Records from a dataset:
##############################
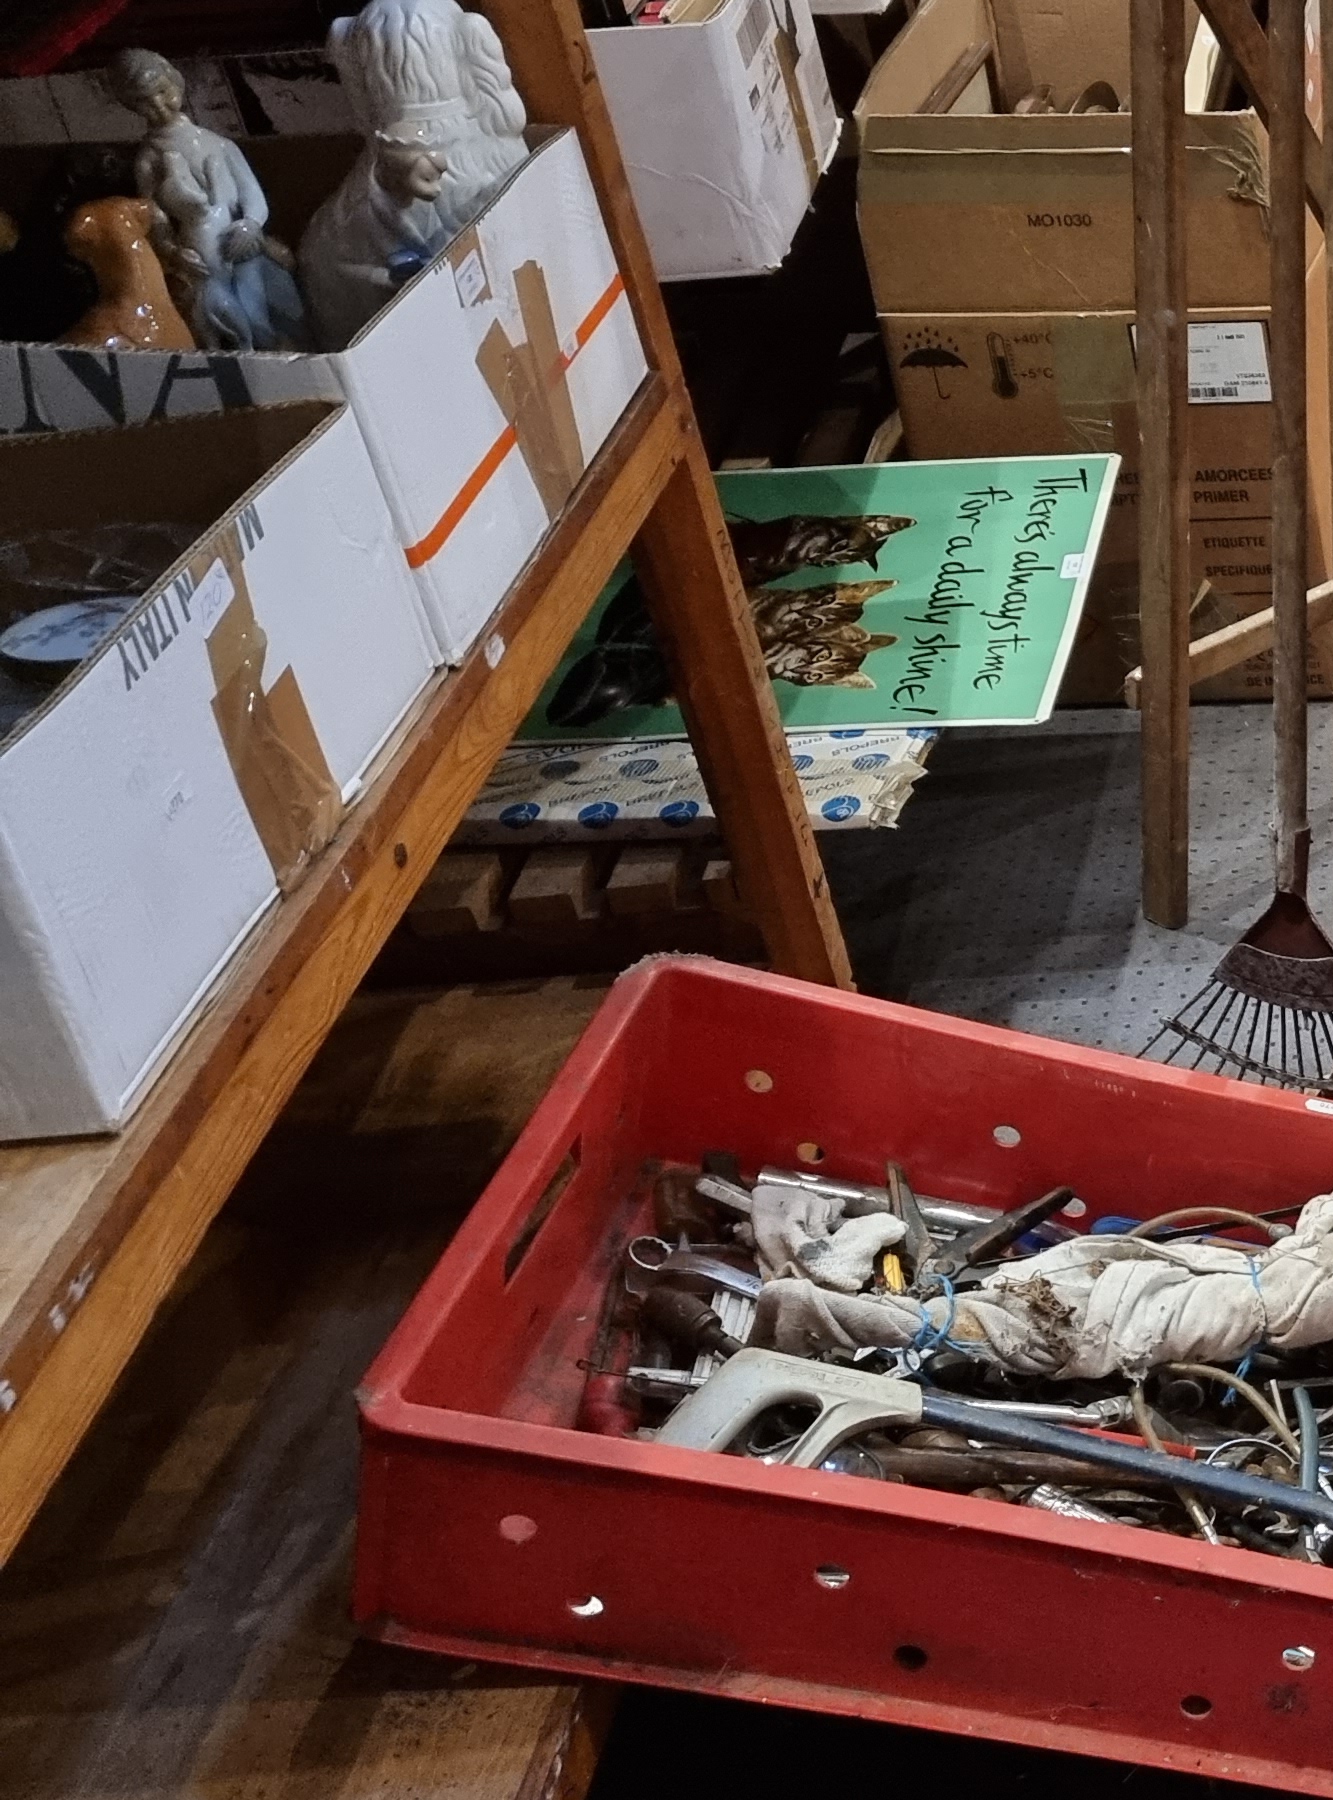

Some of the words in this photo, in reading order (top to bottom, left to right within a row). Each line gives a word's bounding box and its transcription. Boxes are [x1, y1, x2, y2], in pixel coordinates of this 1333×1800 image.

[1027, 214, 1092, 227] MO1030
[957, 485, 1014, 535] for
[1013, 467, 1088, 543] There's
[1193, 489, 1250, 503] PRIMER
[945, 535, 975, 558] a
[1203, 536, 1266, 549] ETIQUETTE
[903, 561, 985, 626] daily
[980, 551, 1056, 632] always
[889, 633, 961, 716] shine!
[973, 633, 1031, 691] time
##############################
> _YOUR INSTRUCTIONS_:
Retype the data in full. Images do not go in the copy.

> _SOLUTION TO THE EXERCISE_:
Some of the words in this photo, in reading order (top to bottom, left to right within a row). Each line gives a word's bounding box and its transcription. Boxes are [x1, y1, x2, y2], in pixel coordinates of this 1333×1800 image.

[1027, 214, 1092, 227] MO1030
[957, 485, 1014, 535] for
[1013, 467, 1088, 543] There's
[1193, 489, 1250, 503] PRIMER
[945, 535, 975, 558] a
[1203, 536, 1266, 549] ETIQUETTE
[903, 561, 985, 626] daily
[980, 551, 1056, 632] always
[889, 633, 961, 716] shine!
[973, 633, 1031, 691] time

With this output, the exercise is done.